Collected data

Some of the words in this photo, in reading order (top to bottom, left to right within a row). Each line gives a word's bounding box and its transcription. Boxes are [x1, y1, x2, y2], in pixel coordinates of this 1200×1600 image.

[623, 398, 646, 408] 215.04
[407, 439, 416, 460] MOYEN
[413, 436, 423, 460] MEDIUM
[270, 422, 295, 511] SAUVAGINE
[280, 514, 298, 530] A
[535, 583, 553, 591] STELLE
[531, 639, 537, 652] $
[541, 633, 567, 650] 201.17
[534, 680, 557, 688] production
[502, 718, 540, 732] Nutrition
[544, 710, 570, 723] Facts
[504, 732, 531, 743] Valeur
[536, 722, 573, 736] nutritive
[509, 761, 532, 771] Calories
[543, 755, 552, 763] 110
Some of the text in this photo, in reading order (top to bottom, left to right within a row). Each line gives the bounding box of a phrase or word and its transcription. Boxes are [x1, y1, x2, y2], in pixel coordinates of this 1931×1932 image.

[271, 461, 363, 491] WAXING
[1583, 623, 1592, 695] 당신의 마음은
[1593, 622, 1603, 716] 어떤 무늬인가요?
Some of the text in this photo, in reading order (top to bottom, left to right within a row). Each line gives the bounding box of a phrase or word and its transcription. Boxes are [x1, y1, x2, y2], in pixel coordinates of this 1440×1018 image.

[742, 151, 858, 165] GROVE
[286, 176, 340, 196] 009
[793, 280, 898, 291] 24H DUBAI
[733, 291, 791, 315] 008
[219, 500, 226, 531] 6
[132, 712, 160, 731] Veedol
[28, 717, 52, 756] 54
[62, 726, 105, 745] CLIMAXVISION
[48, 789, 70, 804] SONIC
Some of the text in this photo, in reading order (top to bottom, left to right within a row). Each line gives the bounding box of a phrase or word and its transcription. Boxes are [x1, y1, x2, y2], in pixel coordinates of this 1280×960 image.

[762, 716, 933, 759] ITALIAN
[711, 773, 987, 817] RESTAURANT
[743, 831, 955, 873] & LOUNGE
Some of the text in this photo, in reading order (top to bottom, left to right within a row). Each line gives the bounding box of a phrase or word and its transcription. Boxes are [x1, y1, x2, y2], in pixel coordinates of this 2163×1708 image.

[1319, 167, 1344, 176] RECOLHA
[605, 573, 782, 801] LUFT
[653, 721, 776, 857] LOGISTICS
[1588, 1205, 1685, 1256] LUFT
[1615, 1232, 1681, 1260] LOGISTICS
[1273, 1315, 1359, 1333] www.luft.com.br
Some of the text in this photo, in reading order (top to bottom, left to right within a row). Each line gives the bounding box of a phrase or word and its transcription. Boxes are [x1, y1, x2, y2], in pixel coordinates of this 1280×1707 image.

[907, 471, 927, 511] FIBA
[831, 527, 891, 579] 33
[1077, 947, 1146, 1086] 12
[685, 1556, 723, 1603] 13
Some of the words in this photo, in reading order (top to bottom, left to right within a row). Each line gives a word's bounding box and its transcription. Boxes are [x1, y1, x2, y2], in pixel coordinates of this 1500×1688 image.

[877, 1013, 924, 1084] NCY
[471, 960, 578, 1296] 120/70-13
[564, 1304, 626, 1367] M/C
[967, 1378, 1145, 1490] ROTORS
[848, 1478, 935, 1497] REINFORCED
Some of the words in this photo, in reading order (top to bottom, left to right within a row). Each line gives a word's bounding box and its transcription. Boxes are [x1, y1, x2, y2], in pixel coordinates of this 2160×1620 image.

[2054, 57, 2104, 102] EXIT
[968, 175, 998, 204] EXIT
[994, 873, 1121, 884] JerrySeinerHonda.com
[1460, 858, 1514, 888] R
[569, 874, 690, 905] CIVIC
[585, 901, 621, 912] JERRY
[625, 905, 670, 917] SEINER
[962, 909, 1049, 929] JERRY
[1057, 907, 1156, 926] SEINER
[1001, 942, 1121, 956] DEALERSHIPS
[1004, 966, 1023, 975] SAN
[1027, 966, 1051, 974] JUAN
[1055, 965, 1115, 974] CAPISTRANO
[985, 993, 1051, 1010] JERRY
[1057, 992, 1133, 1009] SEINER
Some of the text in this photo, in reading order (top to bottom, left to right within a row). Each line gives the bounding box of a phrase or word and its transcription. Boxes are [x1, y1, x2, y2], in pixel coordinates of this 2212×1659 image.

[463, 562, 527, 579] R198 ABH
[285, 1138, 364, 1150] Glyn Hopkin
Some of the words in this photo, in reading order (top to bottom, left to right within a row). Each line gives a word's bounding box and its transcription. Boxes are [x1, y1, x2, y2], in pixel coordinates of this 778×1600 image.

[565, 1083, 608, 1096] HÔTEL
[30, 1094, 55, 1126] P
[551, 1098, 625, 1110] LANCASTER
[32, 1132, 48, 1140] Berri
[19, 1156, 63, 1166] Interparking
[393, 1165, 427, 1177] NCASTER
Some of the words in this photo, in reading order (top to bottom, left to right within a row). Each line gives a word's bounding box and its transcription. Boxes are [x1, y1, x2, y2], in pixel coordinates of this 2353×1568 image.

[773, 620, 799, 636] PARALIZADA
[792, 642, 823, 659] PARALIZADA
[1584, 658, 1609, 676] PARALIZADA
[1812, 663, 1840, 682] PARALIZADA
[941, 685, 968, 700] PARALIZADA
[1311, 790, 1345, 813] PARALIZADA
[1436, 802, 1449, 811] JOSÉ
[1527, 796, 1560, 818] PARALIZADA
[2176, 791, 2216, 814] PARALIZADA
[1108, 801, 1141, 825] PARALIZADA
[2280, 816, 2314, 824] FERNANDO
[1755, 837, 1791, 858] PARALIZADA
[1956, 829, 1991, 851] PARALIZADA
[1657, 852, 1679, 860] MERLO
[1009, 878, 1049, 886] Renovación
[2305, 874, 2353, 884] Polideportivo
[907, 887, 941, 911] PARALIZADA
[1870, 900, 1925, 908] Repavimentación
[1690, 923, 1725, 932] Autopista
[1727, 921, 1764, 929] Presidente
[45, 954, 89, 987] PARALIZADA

— Exercise prompt —
Give back all the records exactly as they stand.

— Worked solution —
Some of the words in this photo, in reading order (top to bottom, left to right within a row). Each line gives a word's bounding box and its transcription. Boxes are [x1, y1, x2, y2], in pixel coordinates of this 1200×1600 image.

[623, 398, 646, 408] 215.04
[407, 439, 416, 460] MOYEN
[413, 436, 423, 460] MEDIUM
[270, 422, 295, 511] SAUVAGINE
[280, 514, 298, 530] A
[535, 583, 553, 591] STELLE
[531, 639, 537, 652] $
[541, 633, 567, 650] 201.17
[534, 680, 557, 688] production
[502, 718, 540, 732] Nutrition
[544, 710, 570, 723] Facts
[504, 732, 531, 743] Valeur
[536, 722, 573, 736] nutritive
[509, 761, 532, 771] Calories
[543, 755, 552, 763] 110
Some of the text in this photo, in reading order (top to bottom, left to right within a row). Each line gives the bounding box of a phrase or word and its transcription. Boxes are [x1, y1, x2, y2], in pixel coordinates of this 1931×1932 image.

[271, 461, 363, 491] WAXING
[1583, 623, 1592, 695] 당신의 마음은
[1593, 622, 1603, 716] 어떤 무늬인가요?
Some of the text in this photo, in reading order (top to bottom, left to right within a row). Each line gives the bounding box of a phrase or word and its transcription. Boxes are [x1, y1, x2, y2], in pixel coordinates of this 1440×1018 image.

[742, 151, 858, 165] GROVE
[286, 176, 340, 196] 009
[793, 280, 898, 291] 24H DUBAI
[733, 291, 791, 315] 008
[219, 500, 226, 531] 6
[132, 712, 160, 731] Veedol
[28, 717, 52, 756] 54
[62, 726, 105, 745] CLIMAXVISION
[48, 789, 70, 804] SONIC
Some of the text in this photo, in reading order (top to bottom, left to right within a row). Each line gives the bounding box of a phrase or word and its transcription. Boxes are [x1, y1, x2, y2], in pixel coordinates of this 1280×960 image.

[762, 716, 933, 759] ITALIAN
[711, 773, 987, 817] RESTAURANT
[743, 831, 955, 873] & LOUNGE
Some of the text in this photo, in reading order (top to bottom, left to right within a row). Each line gives the bounding box of a phrase or word and its transcription. Boxes are [x1, y1, x2, y2], in pixel coordinates of this 2163×1708 image.

[1319, 167, 1344, 176] RECOLHA
[605, 573, 782, 801] LUFT
[653, 721, 776, 857] LOGISTICS
[1588, 1205, 1685, 1256] LUFT
[1615, 1232, 1681, 1260] LOGISTICS
[1273, 1315, 1359, 1333] www.luft.com.br
Some of the text in this photo, in reading order (top to bottom, left to right within a row). Each line gives the bounding box of a phrase or word and its transcription. Boxes are [x1, y1, x2, y2], in pixel coordinates of this 1280×1707 image.

[907, 471, 927, 511] FIBA
[831, 527, 891, 579] 33
[1077, 947, 1146, 1086] 12
[685, 1556, 723, 1603] 13
Some of the words in this photo, in reading order (top to bottom, left to right within a row). Each line gives a word's bounding box and its transcription. Boxes are [x1, y1, x2, y2], in pixel coordinates of this 1500×1688 image.

[877, 1013, 924, 1084] NCY
[471, 960, 578, 1296] 120/70-13
[564, 1304, 626, 1367] M/C
[967, 1378, 1145, 1490] ROTORS
[848, 1478, 935, 1497] REINFORCED
Some of the words in this photo, in reading order (top to bottom, left to right within a row). Each line gives a word's bounding box and its transcription. Boxes are [x1, y1, x2, y2], in pixel coordinates of this 2160×1620 image.

[2054, 57, 2104, 102] EXIT
[968, 175, 998, 204] EXIT
[994, 873, 1121, 884] JerrySeinerHonda.com
[1460, 858, 1514, 888] R
[569, 874, 690, 905] CIVIC
[585, 901, 621, 912] JERRY
[625, 905, 670, 917] SEINER
[962, 909, 1049, 929] JERRY
[1057, 907, 1156, 926] SEINER
[1001, 942, 1121, 956] DEALERSHIPS
[1004, 966, 1023, 975] SAN
[1027, 966, 1051, 974] JUAN
[1055, 965, 1115, 974] CAPISTRANO
[985, 993, 1051, 1010] JERRY
[1057, 992, 1133, 1009] SEINER
Some of the text in this photo, in reading order (top to bottom, left to right within a row). Each line gives the bounding box of a phrase or word and its transcription. Boxes are [x1, y1, x2, y2], in pixel coordinates of this 2212×1659 image.

[463, 562, 527, 579] R198 ABH
[285, 1138, 364, 1150] Glyn Hopkin
Some of the words in this photo, in reading order (top to bottom, left to right within a row). Each line gives a word's bounding box and its transcription. Boxes are [x1, y1, x2, y2], in pixel coordinates of this 778×1600 image.

[565, 1083, 608, 1096] HÔTEL
[30, 1094, 55, 1126] P
[551, 1098, 625, 1110] LANCASTER
[32, 1132, 48, 1140] Berri
[19, 1156, 63, 1166] Interparking
[393, 1165, 427, 1177] NCASTER
Some of the words in this photo, in reading order (top to bottom, left to right within a row). Each line gives a word's bounding box and its transcription. Boxes are [x1, y1, x2, y2], in pixel coordinates of this 2353×1568 image.

[773, 620, 799, 636] PARALIZADA
[792, 642, 823, 659] PARALIZADA
[1584, 658, 1609, 676] PARALIZADA
[1812, 663, 1840, 682] PARALIZADA
[941, 685, 968, 700] PARALIZADA
[1311, 790, 1345, 813] PARALIZADA
[1436, 802, 1449, 811] JOSÉ
[1527, 796, 1560, 818] PARALIZADA
[2176, 791, 2216, 814] PARALIZADA
[1108, 801, 1141, 825] PARALIZADA
[2280, 816, 2314, 824] FERNANDO
[1755, 837, 1791, 858] PARALIZADA
[1956, 829, 1991, 851] PARALIZADA
[1657, 852, 1679, 860] MERLO
[1009, 878, 1049, 886] Renovación
[2305, 874, 2353, 884] Polideportivo
[907, 887, 941, 911] PARALIZADA
[1870, 900, 1925, 908] Repavimentación
[1690, 923, 1725, 932] Autopista
[1727, 921, 1764, 929] Presidente
[45, 954, 89, 987] PARALIZADA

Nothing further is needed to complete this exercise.